The present computerised system has come all too late for Joyce.

“You now have one guarantee with this system: that the best fighter should always win the fight.”

By the time Kieran had retired in 1990 he had fought 85 times for Ireland at Senior level as well as in three World Championships and two Olympic Games.

For many years, the Sunnyside Boxing Club trained at the Griffin United Harrier club near the North Cathedral in Cork and the atmosphere at this club was always something special.

“Even Steve Collins enjoyed his workouts before his World title victories against Chris Eubank,” said Kieran.

Joyce is now head coach with the Sunnyside club and is always quick to pay tribute to people like his former coach Albie Murphy and late parents Brian and Lilly who supported him throughout his career.

Kieran Joyce at Sunnyside Boxing Club in Cork.
Kieran Joyce at Sunnyside Boxing Club in Cork.

The life of a boxer can often be a lonely one as many of the top fighters train 365 days a year and it takes a special dedication to make it to the very top of the sport.

Kieran Joyce will long be remembered for his contribution to boxing in Ireland and although he is no longer floating like a butterfly or stinging like a bee it goes without saying boxers like him are born and not made.

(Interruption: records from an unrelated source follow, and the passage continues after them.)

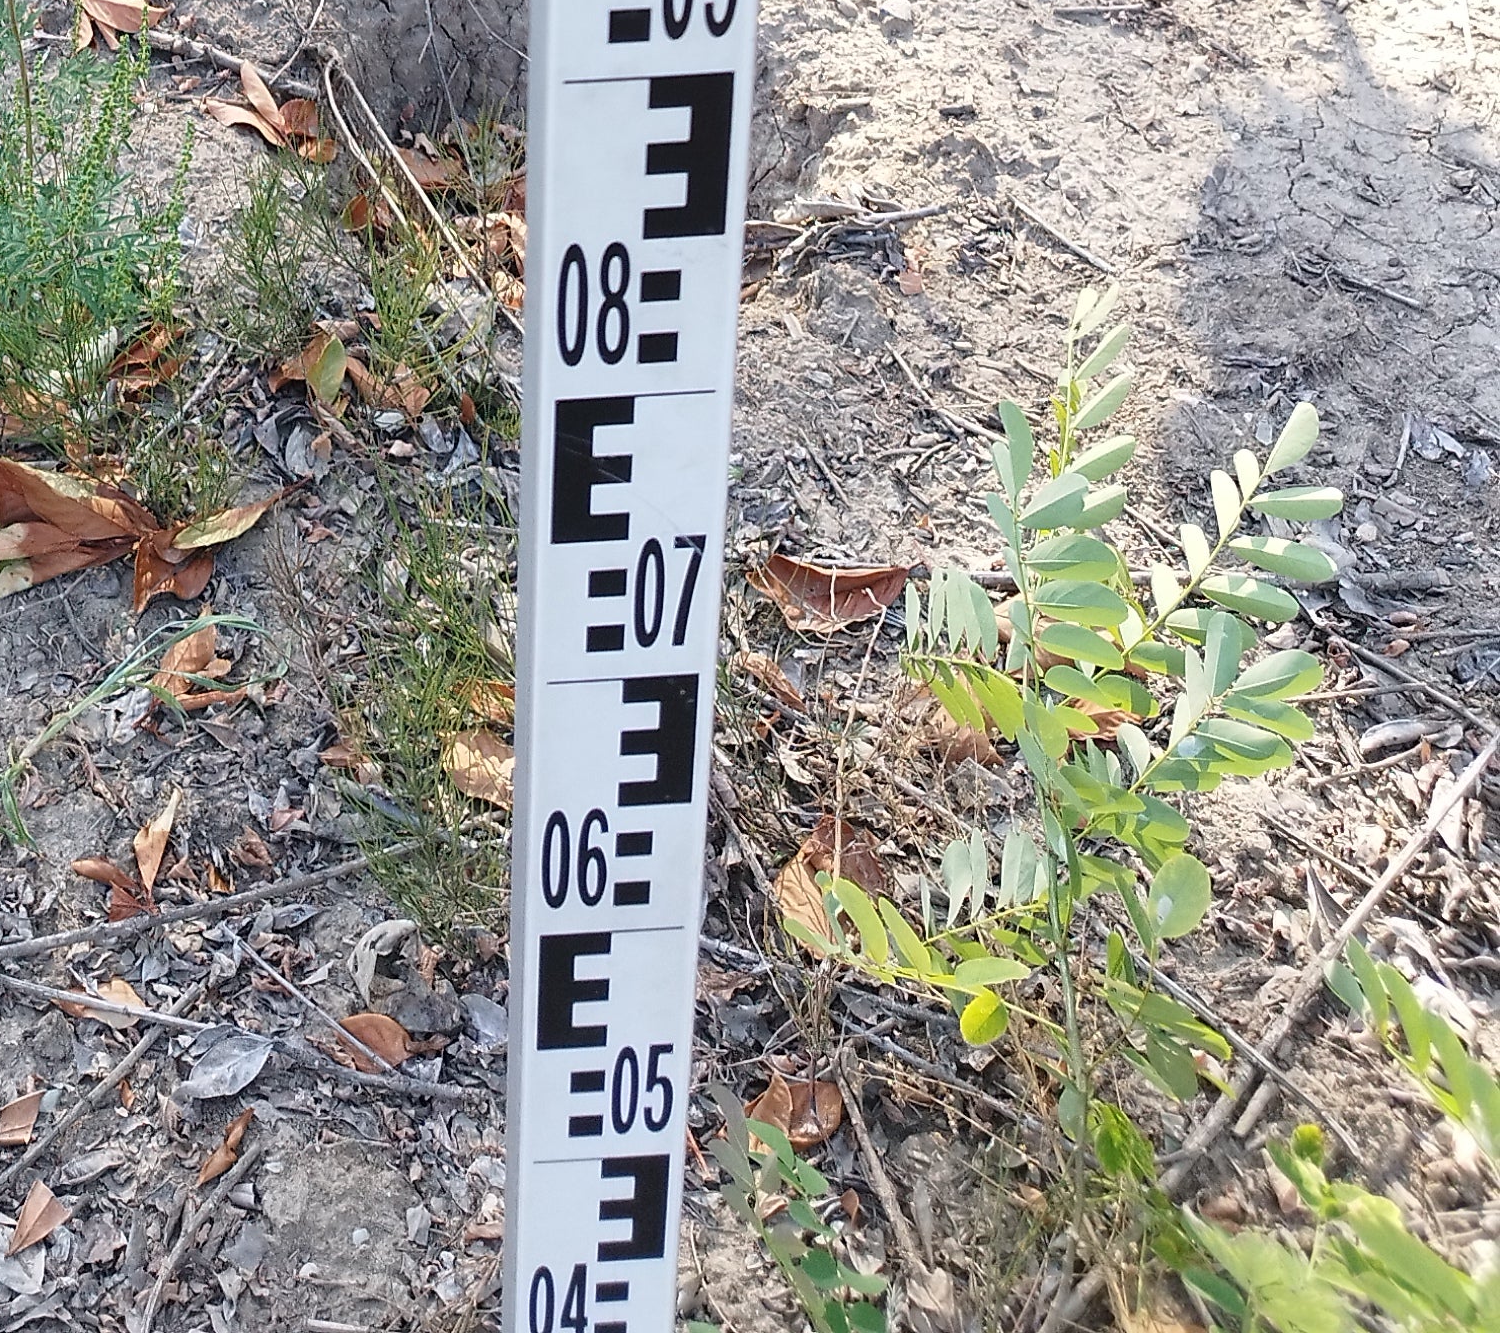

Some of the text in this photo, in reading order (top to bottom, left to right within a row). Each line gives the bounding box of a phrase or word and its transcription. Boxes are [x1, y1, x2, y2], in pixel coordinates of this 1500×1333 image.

[556, 241, 632, 368] 08
[632, 533, 708, 649] 07
[540, 807, 610, 910] 06
[610, 1041, 675, 1135] 05
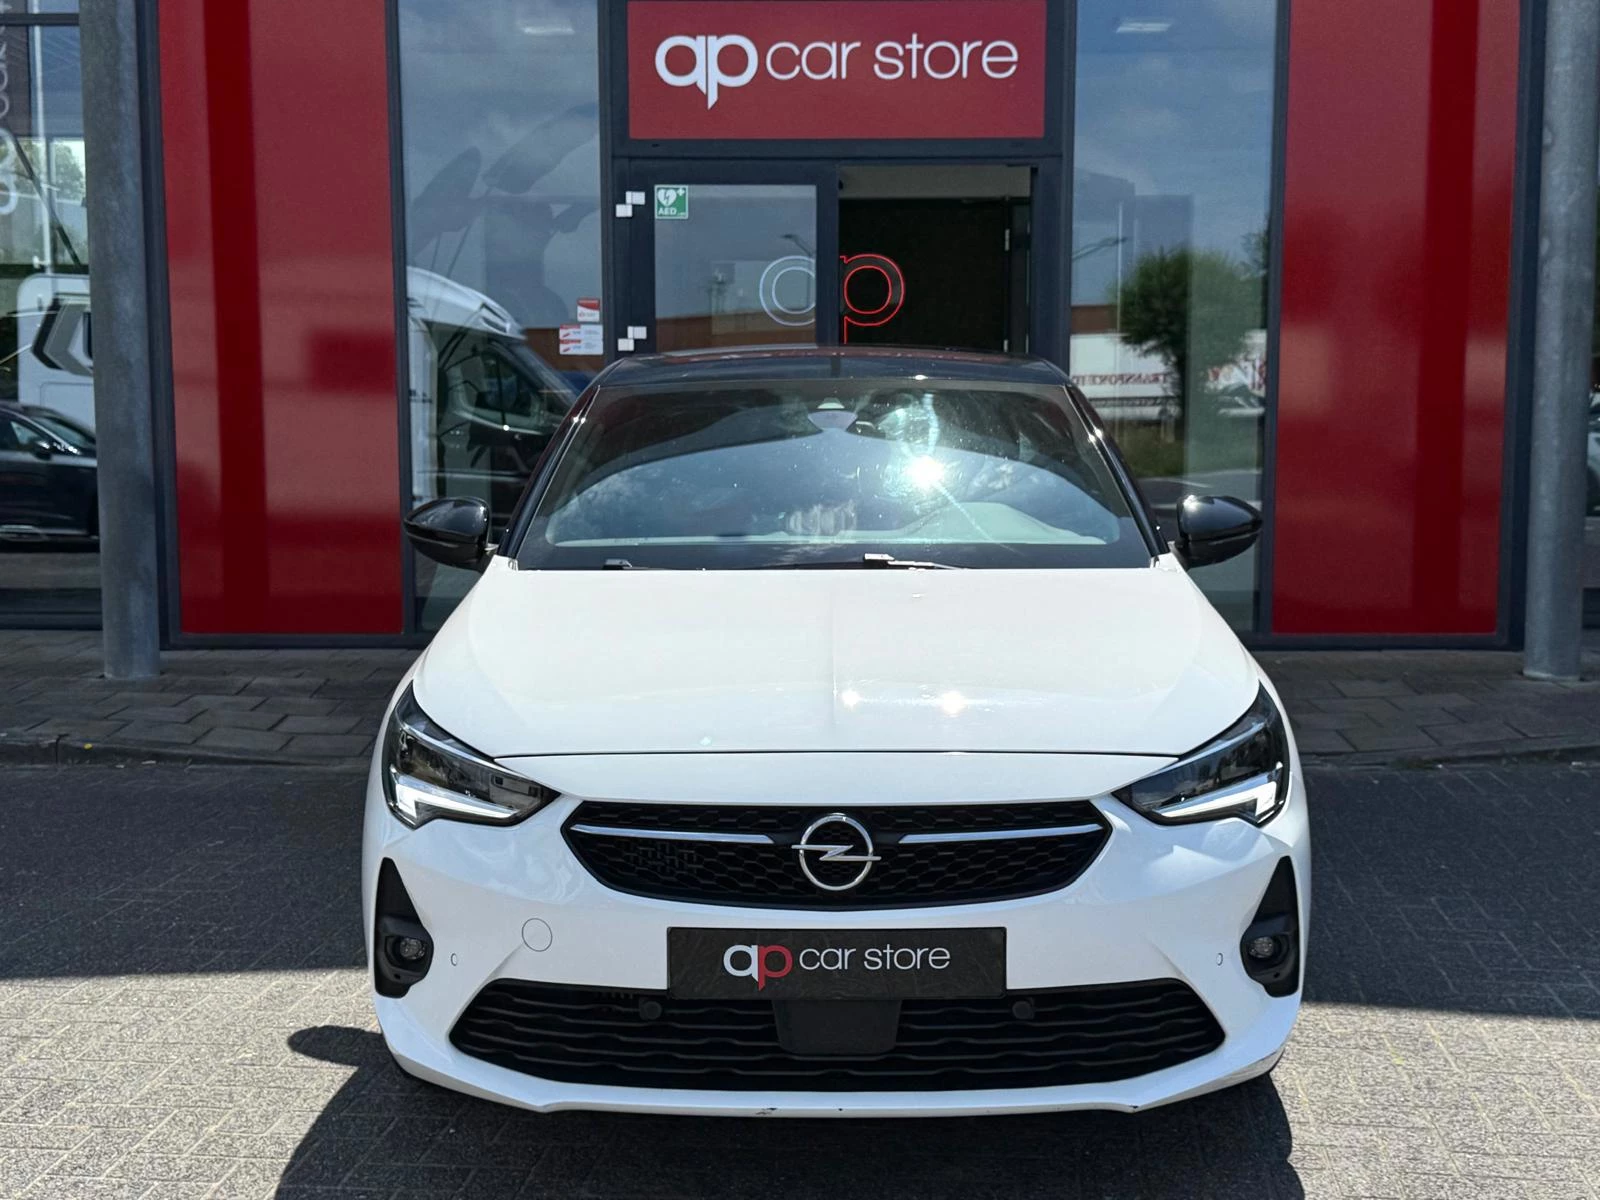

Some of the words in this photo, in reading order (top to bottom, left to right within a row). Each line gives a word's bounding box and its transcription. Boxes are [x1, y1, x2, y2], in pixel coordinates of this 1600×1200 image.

[655, 34, 759, 110] ap
[765, 41, 861, 81] car
[873, 33, 1019, 81] store
[658, 207, 677, 216] AED
[723, 943, 794, 991] ap
[799, 948, 857, 971] car
[863, 943, 951, 971] store
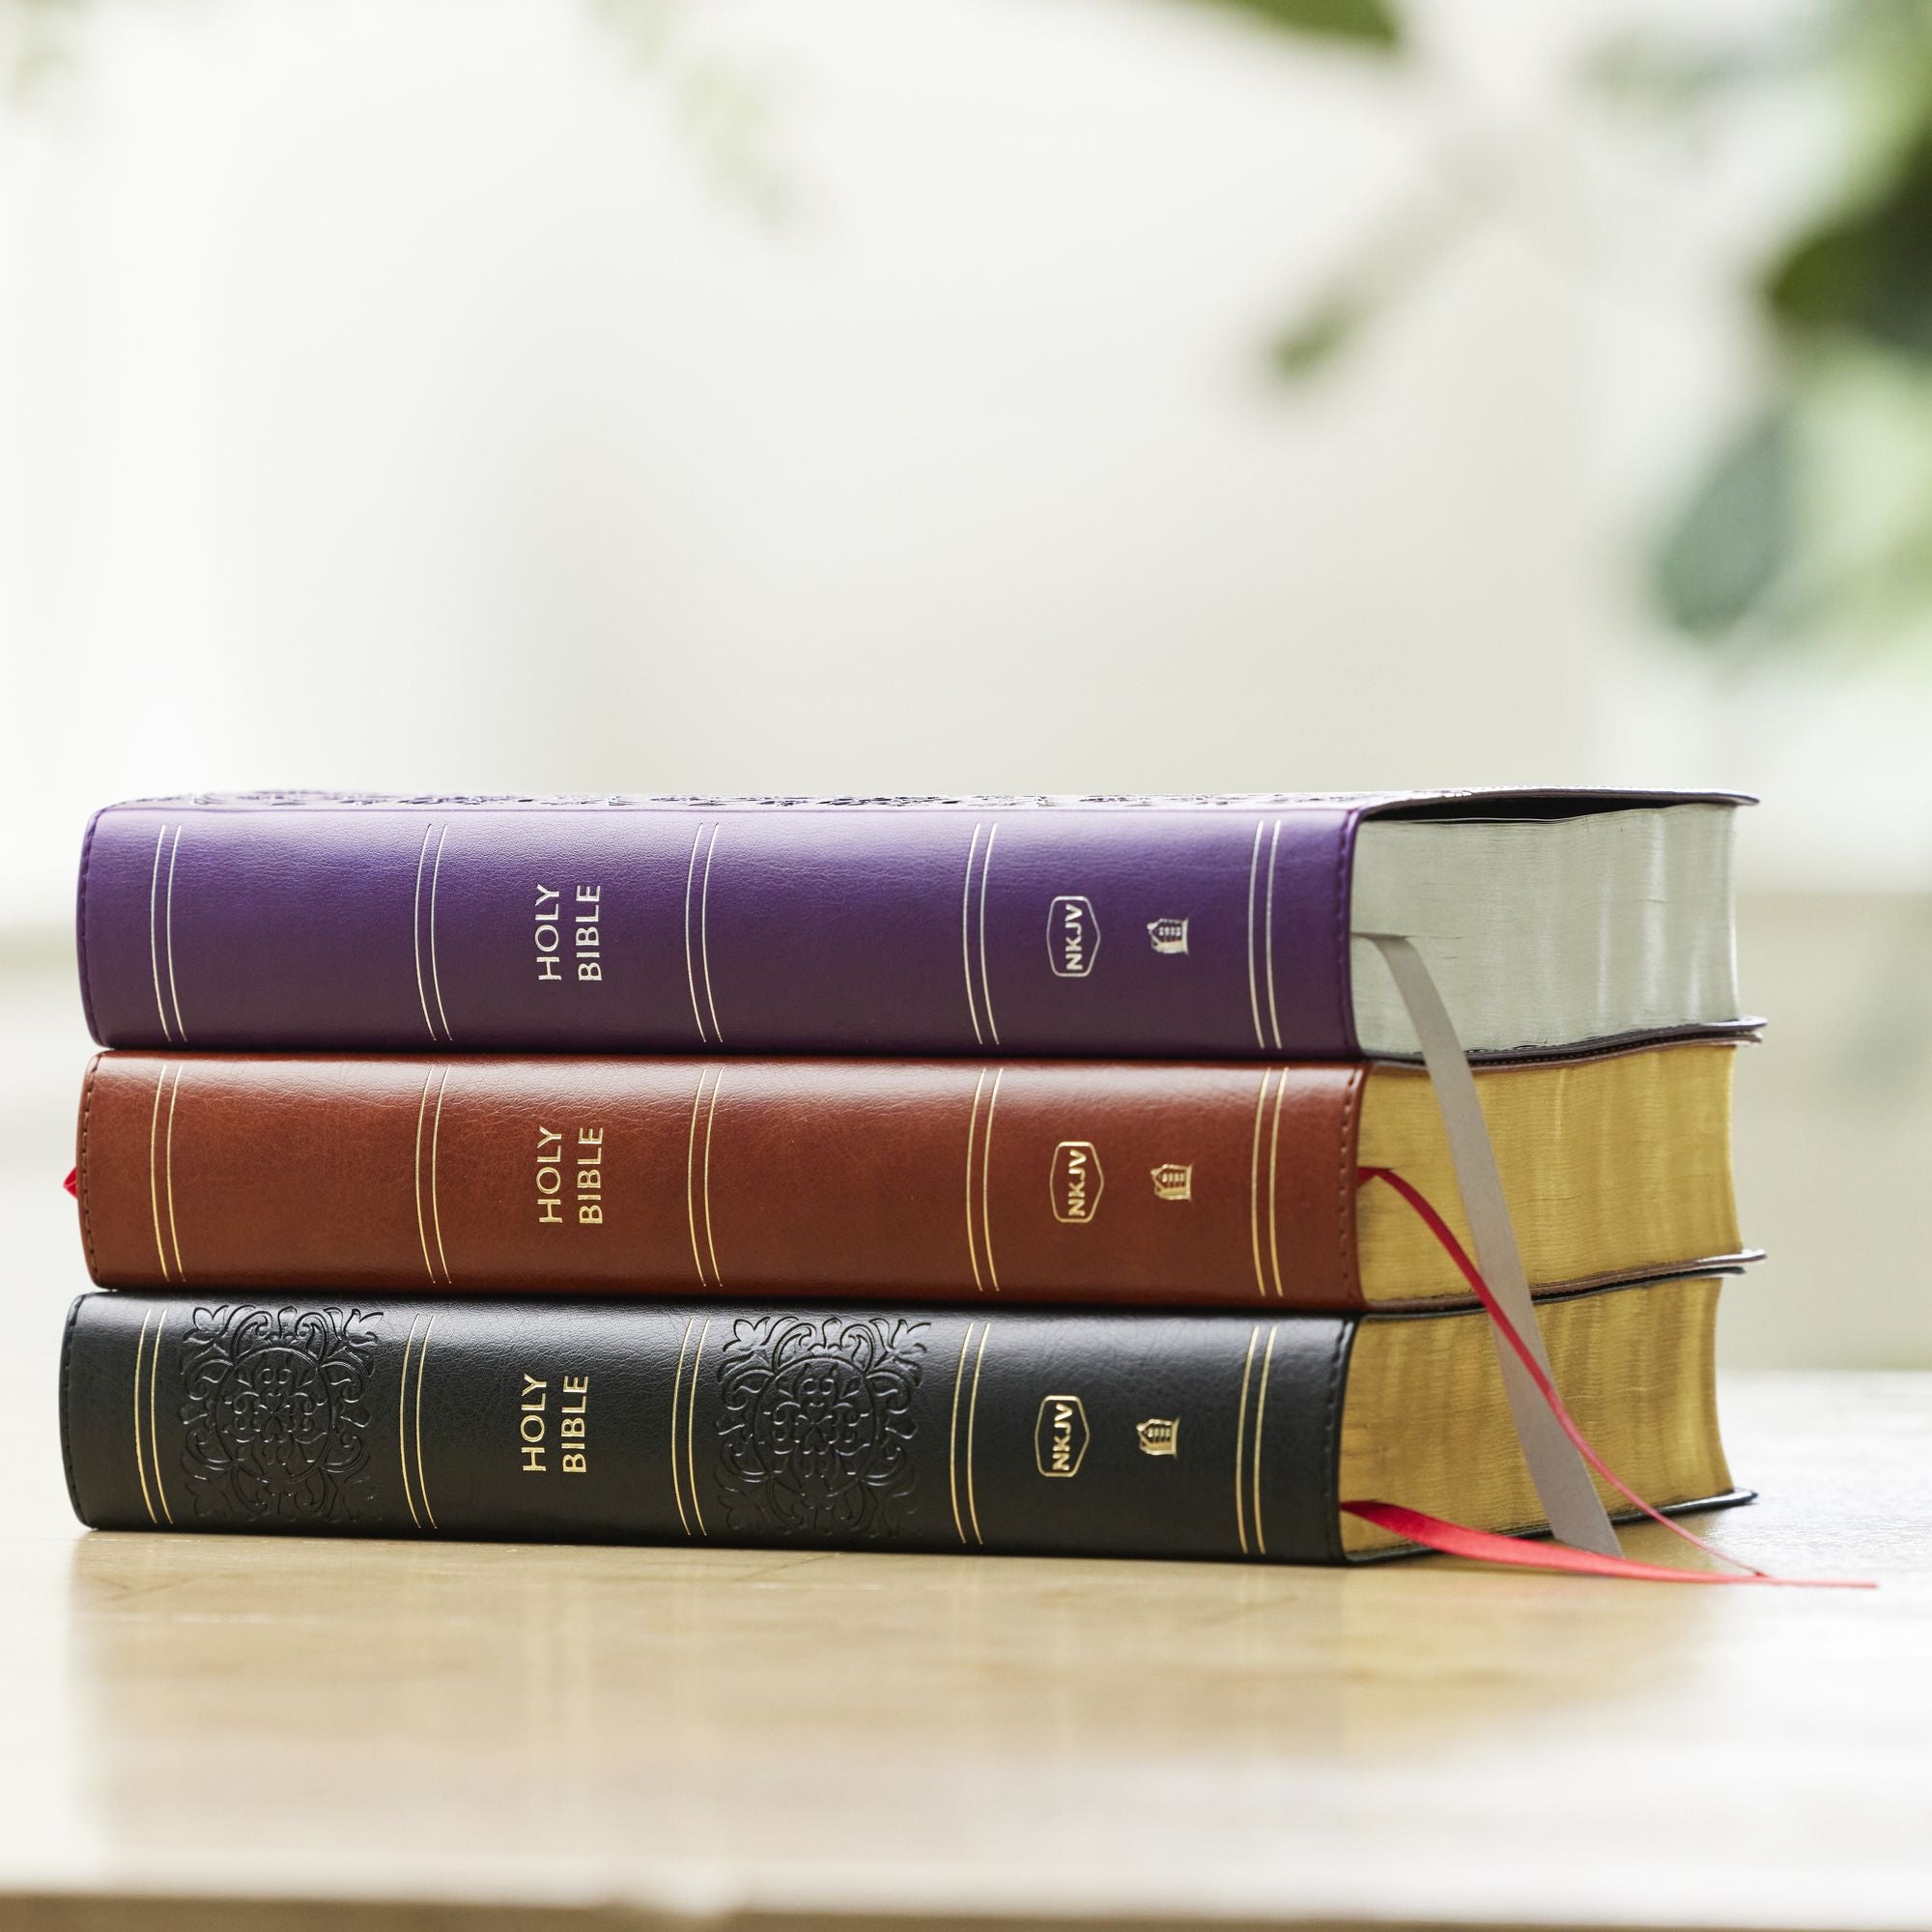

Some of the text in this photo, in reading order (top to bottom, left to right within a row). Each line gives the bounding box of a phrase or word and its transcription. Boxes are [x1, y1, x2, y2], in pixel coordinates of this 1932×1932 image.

Coach Albie Murphy with Sunnyside internationals and greats of Irish boxing: Gordon Joyce, Paul Buttimer and Kieran Joyce.
Coach Albie Murphy with Sunnyside internationals and greats of Irish boxing: Gordon Joyce, Paul Buttimer and Kieran Joyce.

FACTFILE

Kieran Joyce retired at the age of 26 after he represented Ireland 85 times at senior level.

Joyce represented Ireland at three World Championships and two Olympic Games, Los Angeles in 1984 and Seoul in 1988.

Kieran was trained by the late Albie Murphy.

As head coach of Sunnyside Boxing Club Kieran has produced boxers like Michael Roche who represented Ireland at the Sydney Olympic Games in 2000.

Two split decisions cost him two Olympic medals.